I feel for those of you who run schools and for your instructors.

I know parents can be pills about all sorts of things when it comes to their "perfect little angels."

I never expected a parent to react the way she did.  Mrs. A was (notice was) somewhere between 6th and 4th gup herself - I don't know what her exact rank was.

It was testing/spotlighting night.  Master was out-of-town, so the testing was being conducted by Mr. X, who had just been promoted to Sam Dan.  Mr. X is one of our best instructors.  They're all very good and he is exceptional.  Also, he's one of the kindest and most patient persons you'd ever meet.

The children were testing, and the adults who were scheduled to test after the children creeped up the stairs and quietly assembled.

Mrs. A's son did not pass.  She proceeded to tear into Mr. X.  She cursed at him and she gave him the middle finger.  She insulted him and insinuated that he was not worth his new rank or any black belt at all.  She took off her belt which you never do in public.  Mr. X let her test (that is how kind he is - I would have ripped off her belt but I guess that isn't allowed anyway).  I guarantee you that if Master had been there, he would have taken her belt right then and there.  He is probably the only one allowed to do so I imagine.

During the entire test, Mrs. A never said "yes, sir," she never acknowledged Mr. X nor bowed to him.  She was snotty with her partner during wrist grips and sparring combinations, making sarcastic remarks.

Mrs. A received her stripe because she passed.  She tore it off of her belt and stuck it on another student, saying, "Here, you can have this!"

One of the students was so upset that he ran downstairs and called Master R who was in another state.  Master heard about it before the instructors downstairs heard about it!

Mrs. A and her son (that's the real shame, her son) were expelled immediately.

As students, we were greatly relieved that she was gone.  I don't know what it would have been like to have to stare this woman in the face.  She had disgraced one of our instructors.  How would you deal with that?  Thank goodness, we didn't have to.

One of the senior instructors made announcements the following week to all classes to explain what happened so there wouldn't be gossip flying around, and so we would understand what happened, the results and why.

One thing I don't understand is how someone can go off the deep end like that.  Maybe it was hormones or stress?  But that is no excuse, is it?


----------



## bydand (Jul 20, 2007)

Out the door she would go without a snowballs chance in Hell of setting foot back in the Dojo, let alone testing and grading.  No excuses for that behavior.


----------



## Bob Hubbard (Jul 20, 2007)

Sounds like you have good instructors who put the well being of the school over a few bucks in the bank.

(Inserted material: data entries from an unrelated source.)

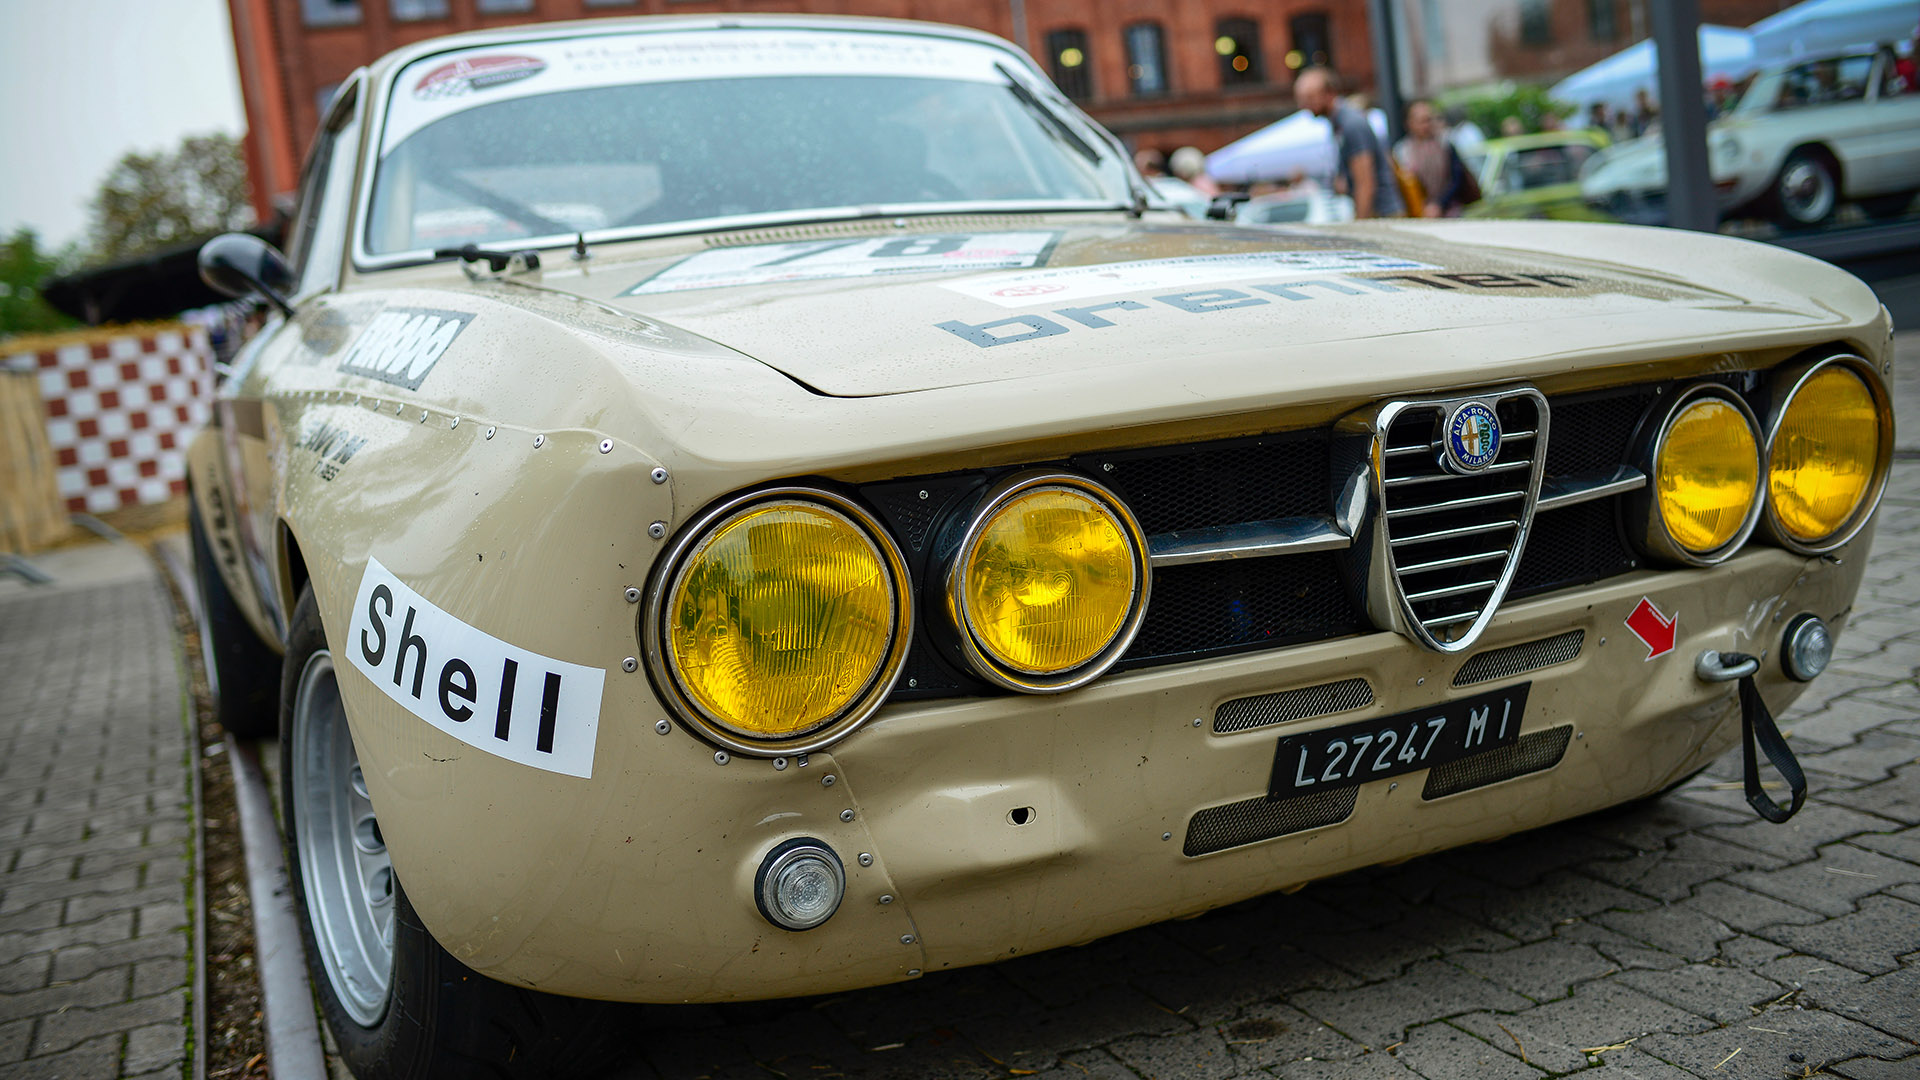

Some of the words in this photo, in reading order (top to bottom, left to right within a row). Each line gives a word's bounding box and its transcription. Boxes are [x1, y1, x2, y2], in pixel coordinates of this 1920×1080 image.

[932, 273, 1588, 348] brenner
[1461, 448, 1494, 464] MILANO
[360, 583, 562, 754] Shell
[1295, 716, 1447, 788] L27247
[1464, 698, 1511, 749] MI
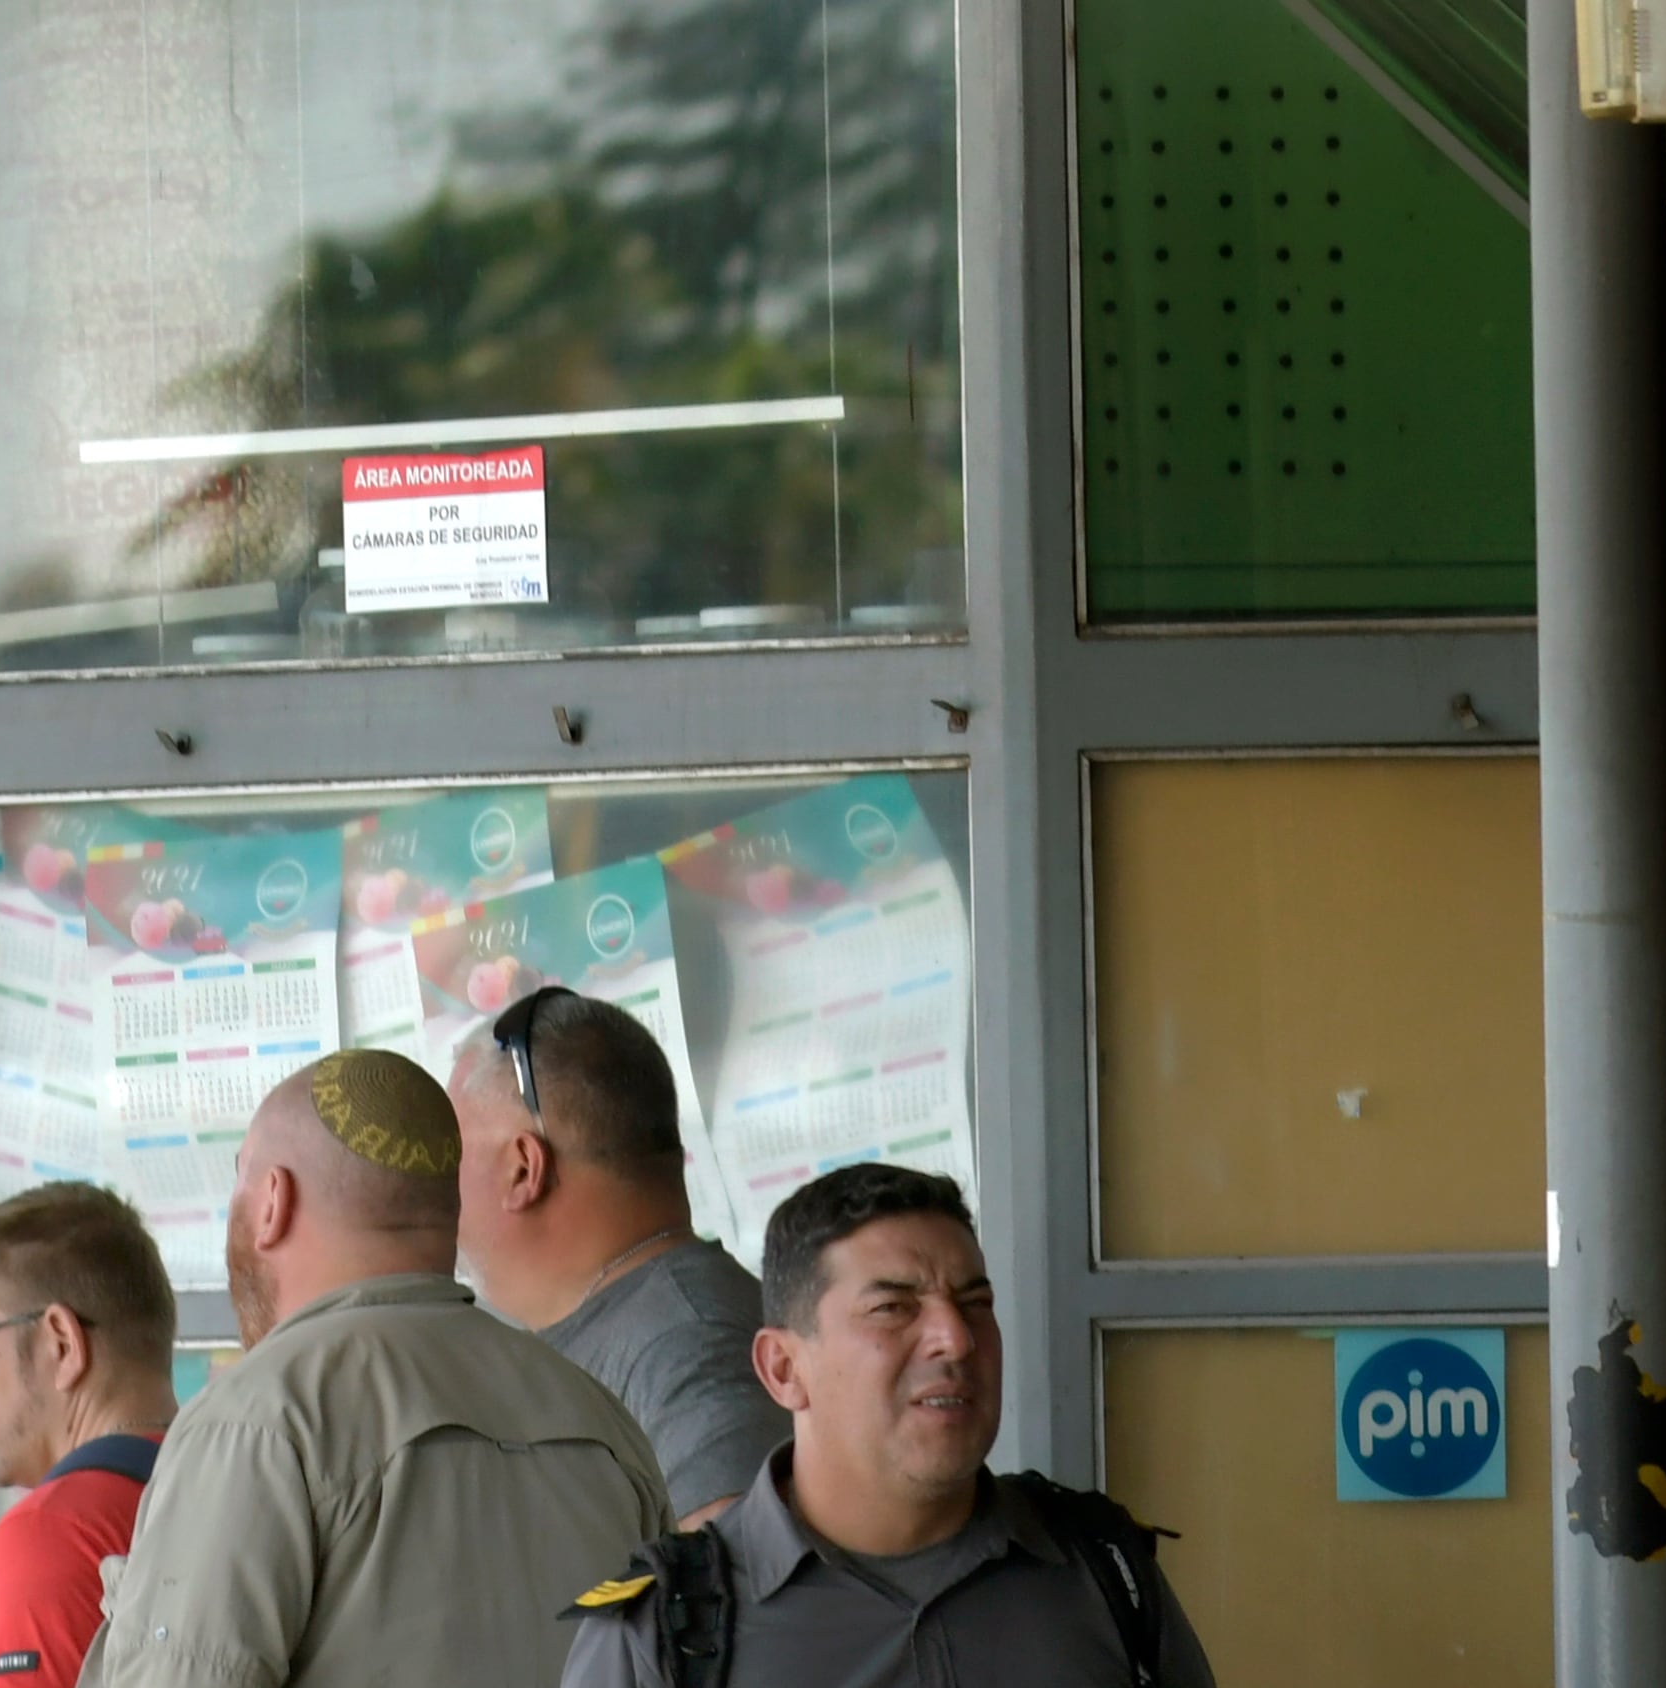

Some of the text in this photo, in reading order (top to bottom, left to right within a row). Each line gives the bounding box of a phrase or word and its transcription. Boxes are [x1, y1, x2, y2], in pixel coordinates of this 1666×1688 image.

But, no. No excuse.


----------



## Lynne (Jul 20, 2007)

This instructor is only 23 or 24, so I think he had exceptional patience.  He could have requested that she leave the building.

I don't know if you can imagine the stress on the students.  It was horrible for the students testing.  Then, later, we were all keyed up and worried that we would have to work with this woman in class because Master wasn't going to be back in town for a few days.

We females didn't know how we would handle it in the locker room.  How would we handle it on the floor when partnered with her?  What about sparring?

Our stress was relieved pretty fast though, when we found she'd been expelled.  We were so relieved that we only mentioned how much we were relieved (the week of the announcements) and we have never talked about it again.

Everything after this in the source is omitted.